Do the CSSOM part of #866

[frivoal]

Asides from the edits already done in #866, @tabatkins mentioned that:

the remaining detail for how legacy shorthands work needs to show up in CSSOM, specifically in https://drafts.csswg.org/cssom/#serializing-css-values (or more precisely, probably in the definition of "preferred order").

This remains to be done.

[cdoublev]

I understand that fixing this issue may not be a priority but can I assume that it can be partially fixed in serialize a CSS declaration block (instead of serialize a CSS value, what seems to be a better seperation of concerns to ignore a legacy shorthand):

- 3. If `property` maps to one or more shorthand properties, let `shorthands` be an array of those shorthand properties, in preferred order.
+ 3. If `property` maps to one or more shorthand properties, let `shorthands` be an array of those shorthand properties, in preferred order, ignoring legacy shorthands.

Also, there are some cases discussed in #8014 that I would like to be clarified.

Assuming an hypothetical legacy shorthand shorthand with syntax a | b and its target longhand with syntax c | d, a bidirectionnal mapping from b to c, I would expect the following serializations:

// EDIT: the following case shoud not exist (`longhand` should accept `a` for back-compat)
style.shorthand = 'a'
style.shorthand; // 'a'
style.longhand;  // ''
style.cssText;   // 'shorthand: a;'

style.shorthand = 'b'
style.shorthand; // 'b'
style.longhand;  // 'c'
style.cssText;   // 'longhand: c;'

style.shorthand = 'c'
style.shorthand; // ''
style.longhand;  // ''
style.cssText;   // ''

style['--custom'] = 'a'
style.shorthand = 'var(--custom)'
style.shorthand; // 'var(--custom)'
style.longhand;  // 'var(--custom)'
style.cssText;   // 'shorthand: var(--custom);'
computedStyle.shorthand; // 'a'
computedStyle.longhand; // ''

style.longhand = 'c'
style.shorthand; // 'b'
style.longhand;  // 'c'
style.cssText;   // 'longhand: c;'

style.longhand = 'var(--custom)'
style.shorthand; // 'var(--custom)'
style.longhand;  // 'var(--custom)'
style.cssText;   // 'longhand: var(--custom);'

[Loirooriol]

style.shorthand = 'a'

See #7195 for this case

style.shorthand = 'var(--custom)'
style.longhand;  // 'var(--custom)'

No, because we could have --custom: b, then longhand will compute to c, and var(--custom) is a bad serialization since longhand: b is invalid.

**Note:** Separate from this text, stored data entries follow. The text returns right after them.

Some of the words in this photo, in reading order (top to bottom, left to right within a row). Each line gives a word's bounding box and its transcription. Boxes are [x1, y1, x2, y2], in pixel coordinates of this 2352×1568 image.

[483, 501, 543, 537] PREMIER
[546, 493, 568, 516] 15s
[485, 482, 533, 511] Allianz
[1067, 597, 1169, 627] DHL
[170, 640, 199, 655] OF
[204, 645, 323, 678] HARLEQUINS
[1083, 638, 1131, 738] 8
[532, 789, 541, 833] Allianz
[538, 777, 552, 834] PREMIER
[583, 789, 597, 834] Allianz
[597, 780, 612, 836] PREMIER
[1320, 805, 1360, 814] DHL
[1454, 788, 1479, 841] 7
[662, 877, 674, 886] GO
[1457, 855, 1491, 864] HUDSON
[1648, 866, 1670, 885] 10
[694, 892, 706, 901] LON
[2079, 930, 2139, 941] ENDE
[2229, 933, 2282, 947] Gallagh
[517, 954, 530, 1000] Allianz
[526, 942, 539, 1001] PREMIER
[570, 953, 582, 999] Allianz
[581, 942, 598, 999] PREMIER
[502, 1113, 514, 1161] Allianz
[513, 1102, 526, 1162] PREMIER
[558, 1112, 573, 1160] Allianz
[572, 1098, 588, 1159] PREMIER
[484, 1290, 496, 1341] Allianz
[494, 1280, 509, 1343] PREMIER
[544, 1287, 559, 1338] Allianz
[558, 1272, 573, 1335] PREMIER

style.longhand = 'var(--custom)'
style.shorthand; // 'var(--custom)'

Similarly, if --custom: c, then the shorthand will "compute" to shorthand: b, so var(--custom) is a bad serialization.

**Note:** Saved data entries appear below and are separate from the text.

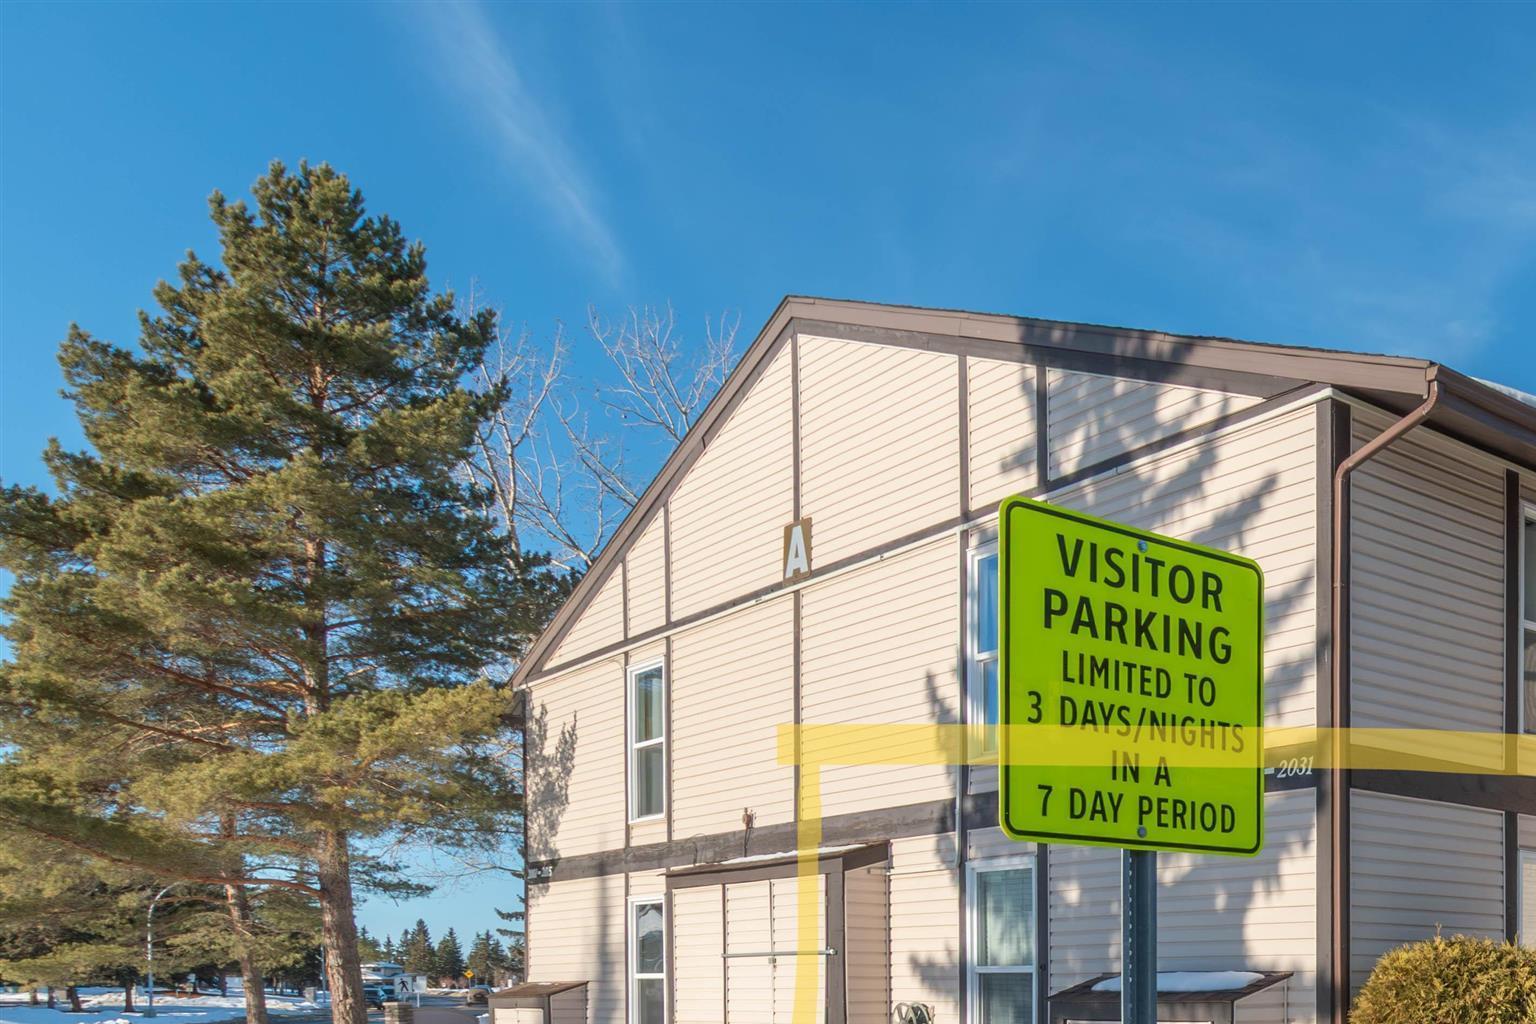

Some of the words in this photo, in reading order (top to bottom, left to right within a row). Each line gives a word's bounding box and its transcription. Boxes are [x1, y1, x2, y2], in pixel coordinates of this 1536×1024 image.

[785, 525, 809, 579] A
[1056, 533, 1223, 613] VISITOR
[1043, 588, 1233, 665] PARKING
[1062, 650, 1171, 700] LIMITED
[1184, 673, 1216, 708] TO
[1027, 691, 1043, 724] 3
[1060, 695, 1245, 753] DAYS/NIGHTS
[1111, 750, 1139, 784] IN
[1154, 756, 1172, 788] A
[1037, 784, 1053, 817] 7
[1069, 787, 1125, 823] DAY
[1138, 795, 1236, 834] PERIOD

See https://drafts.csswg.org/css-variables-1/#variables-in-shorthands

if any of the component longhand properties for a given shorthand are pending-substitution values, or contain var() functions of their own that have not yet been substituted, the shorthand property must serialize to the empty string.

[cdoublev]

Thanks for the link. It makes sense that the target property should include the legacy value in its syntax for back compat. So the first case in my examples should not exist.

What would you expect in the following situation?

style['--custom] = 'b'
style.shorthand = var(--custom)
style['--custom] = 'c'
style.longhand; // ??

I am not very comfortable with of their own because it prevents serializing a shorthand when all its longhand have been independently declared with the same custom variable (and the same fallbacks, if any). But comparing custom variables for checking equality seems non-trivial. But I am not sure this is the reason of this restriction.

Anyway, I do not have a strong opinion on serializing the target longhand when the legacy shorthand is declared with var(), and you and other members of the CSSWG are way more experienced than me.

[Loirooriol]

First, note that to set --custom you actually need style.setProperty('--custom', 'b').

Then, var(--custom) is not known at specified-value time. So it doesn't matter if --custom is b, c or whatever: what will happen is that the longhand is set to a pending-substitution value, which serializes as the empty string.